Here are a couple of articles on vat-grown meat that can reduce animal suffering today:

https://www.theguardian.com/environment/2021/dec/08/worlds-largest-lab-grown-steak-unveiled-by-israeli-firm

https://www.cnn.com/2022/11/17/health/fda-lab-meat-cells-scn-wellness/index.html

Also, by 'illusion' I do not mean fiction or does not happen. As I wrote ...
Quoting 180 Proof
... entity-illusion of consciousness.
Truth Seeker September 02, 2025 at 20:52 #1011142
Reply to 180 Proof Thank you for the links and for the clarification.
Truth Seeker September 02, 2025 at 20:52 #1011143
Quoting Astorre
I'm sorry, but I see contradictions here.


Please let me know what contradictions you see.
Tom Storm September 02, 2025 at 22:16 #1011163
Quoting Constance
Ethics is about, foundationally, value-in-being, and value lies outside of language, notwithstanding that I am speaking just this.


I wonder if it might be more precise to describe values as having a pre-linguistic dimension (in experience, emotion, embodied life), but that they only become social, reflective, and enduring through language. Morality then is social relations with language. Our entire discourse would vanish without language.

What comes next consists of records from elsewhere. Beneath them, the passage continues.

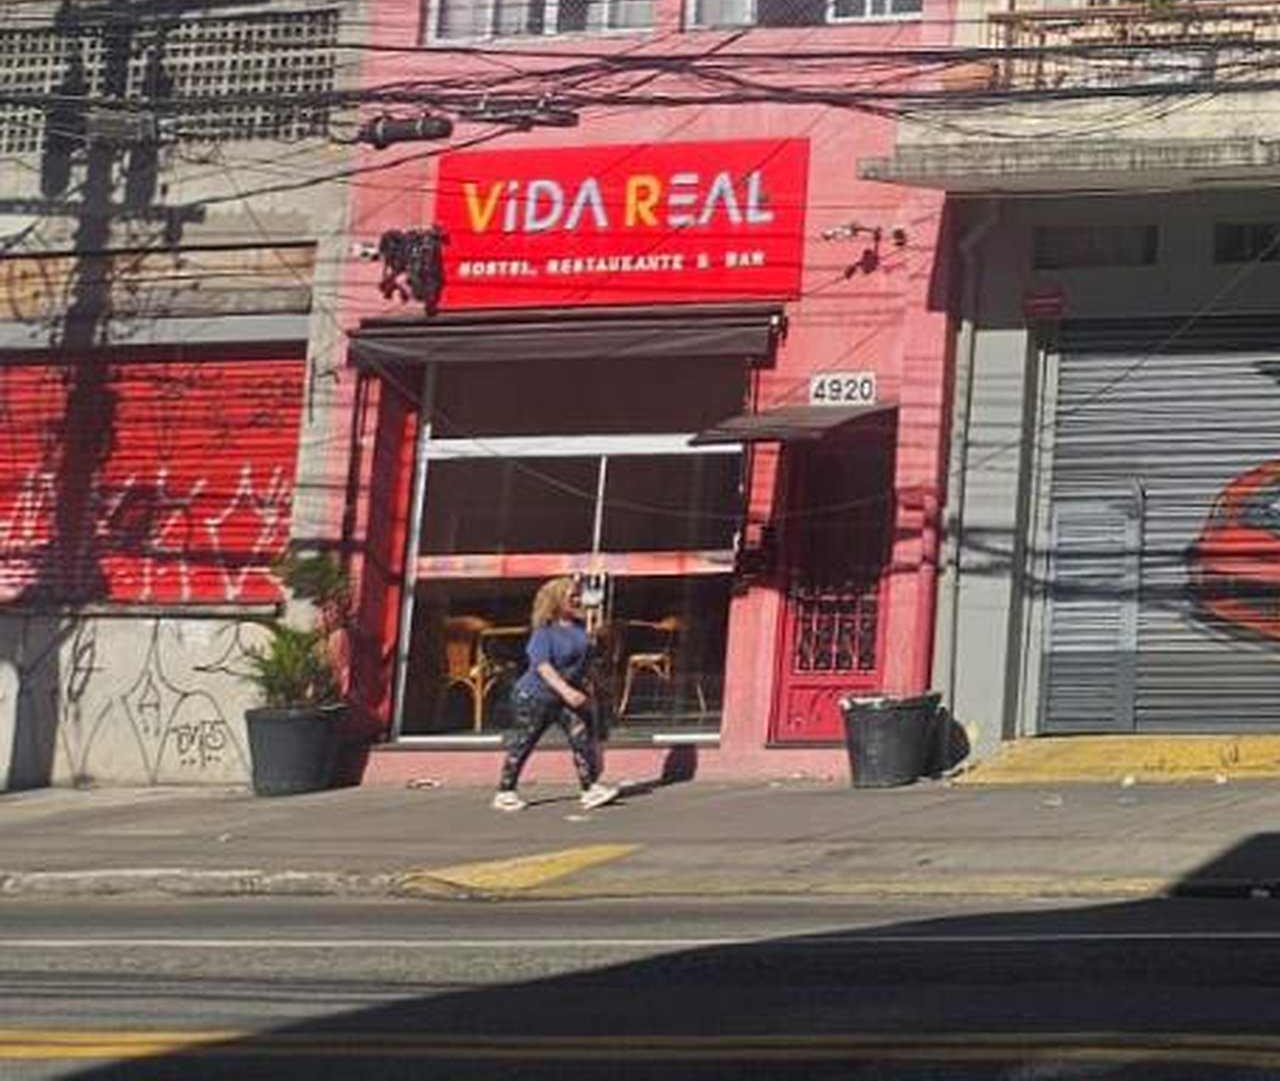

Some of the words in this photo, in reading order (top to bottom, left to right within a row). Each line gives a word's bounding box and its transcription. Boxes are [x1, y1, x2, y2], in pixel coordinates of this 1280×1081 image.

[624, 170, 775, 227] REAL
[546, 253, 683, 275] RESTAURANTE
[725, 250, 766, 268] BAR
[813, 379, 873, 400] 4920
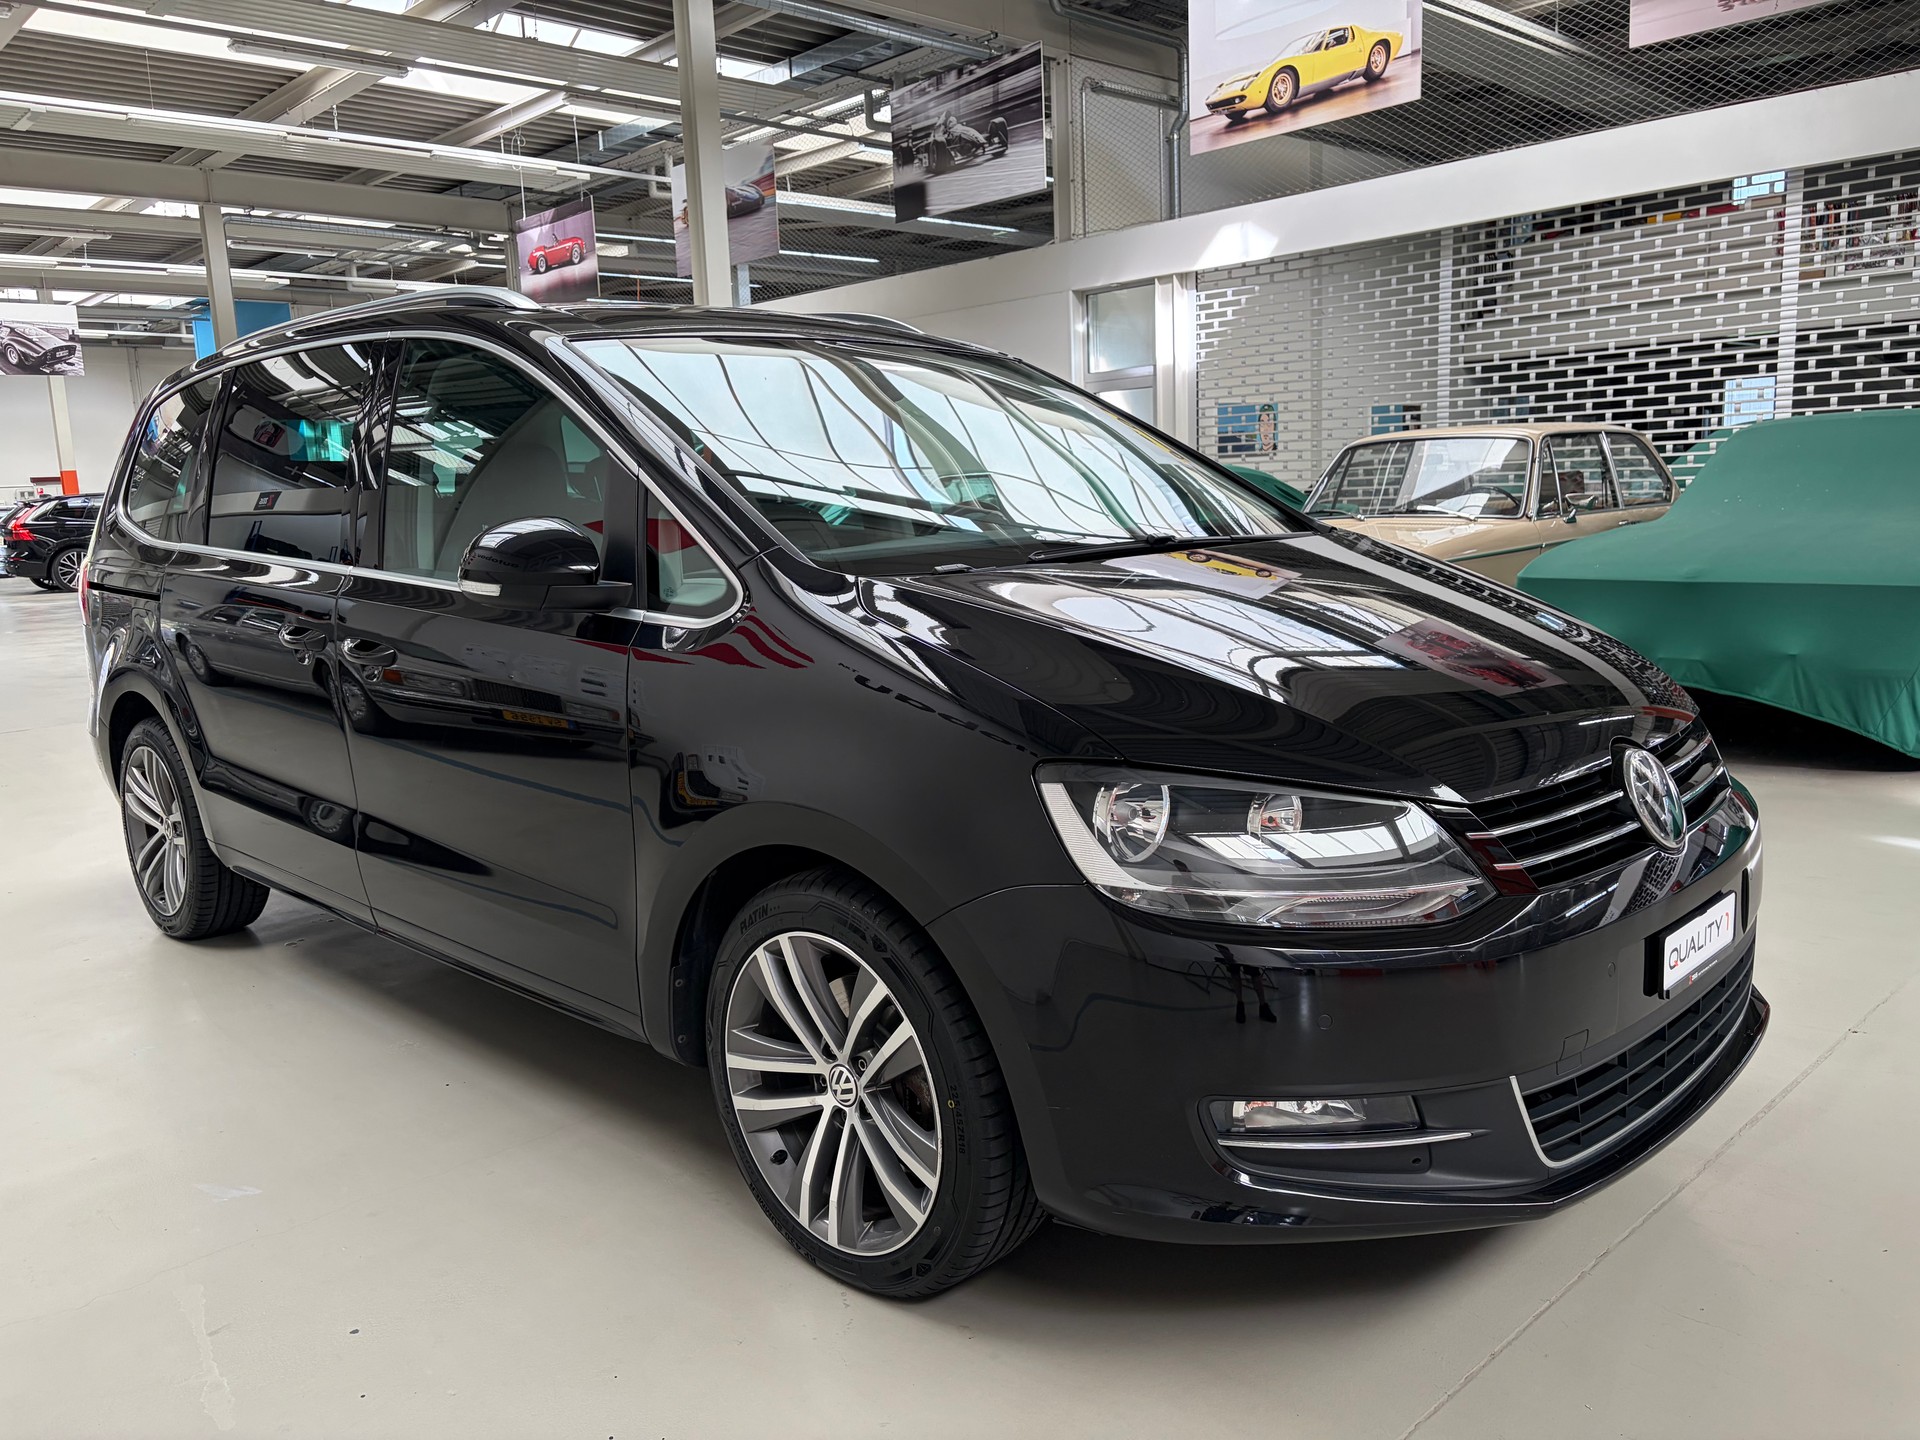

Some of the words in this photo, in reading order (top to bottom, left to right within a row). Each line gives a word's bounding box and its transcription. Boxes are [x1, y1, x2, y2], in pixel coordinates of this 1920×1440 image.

[740, 903, 769, 935] PLATIN
[1668, 914, 1724, 971] QUALITY
[1725, 911, 1730, 931] 1

Whatever prelinguistic or 'transcendent' origin ethics might have, we cannot demonstrate it, nor can we access it. And, as you say, we are limited to using language. I wonder if it is safe to leave it behind, as it is difficult to see what use this frame has beyond engaging in abstract speculation or intellectual exercises. Unless you add God (which you seek to avoid) which might provide us with a putative foundation or grounding for it all and this also comes with a 'to do' list. (Not that this frame is convincing to me either.)

My question to you is this: how do we talk about ethics as a society? Setting aside the abstruse, speculative material of academia or in a forum like this, what can we say (as per the OP) that is accessible and useful at a societal level about right and wrong?

180 Proof September 02, 2025 at 23:16 #1011179
Quoting Tom Storm
Setting aside the abstruse, speculative material of academia or in a forum like this, what can we say (as per the OP) that is accessible and useful at a societal level about right and wrong?

"At a societal level", in terms of governing (i.e. maintaining order and security of equitable, public goods), I think the public concern is not moral "right and wrong" of personal conduct (e.g. D. Parfit, P. Foot) but politically just and unjust laws/policies/investments/regulations (e.g. J.S. Mill, J. Rawls, M. Nussbaum) – deliberative judgments of public reason (informed, of course, by the prevailing 'moral conscience' of the day/historical situation).
T Clark September 02, 2025 at 23:18 #1011180
Tom Storm September 02, 2025 at 23:31 #1011187
Reply to 180 Proof Nicely put. What do you make of the notion that morality is prelinguistic?
frank September 03, 2025 at 00:56 #1011214
Quoting Constance
The ethical question I have is THE ethical question: What is the ground of ethics?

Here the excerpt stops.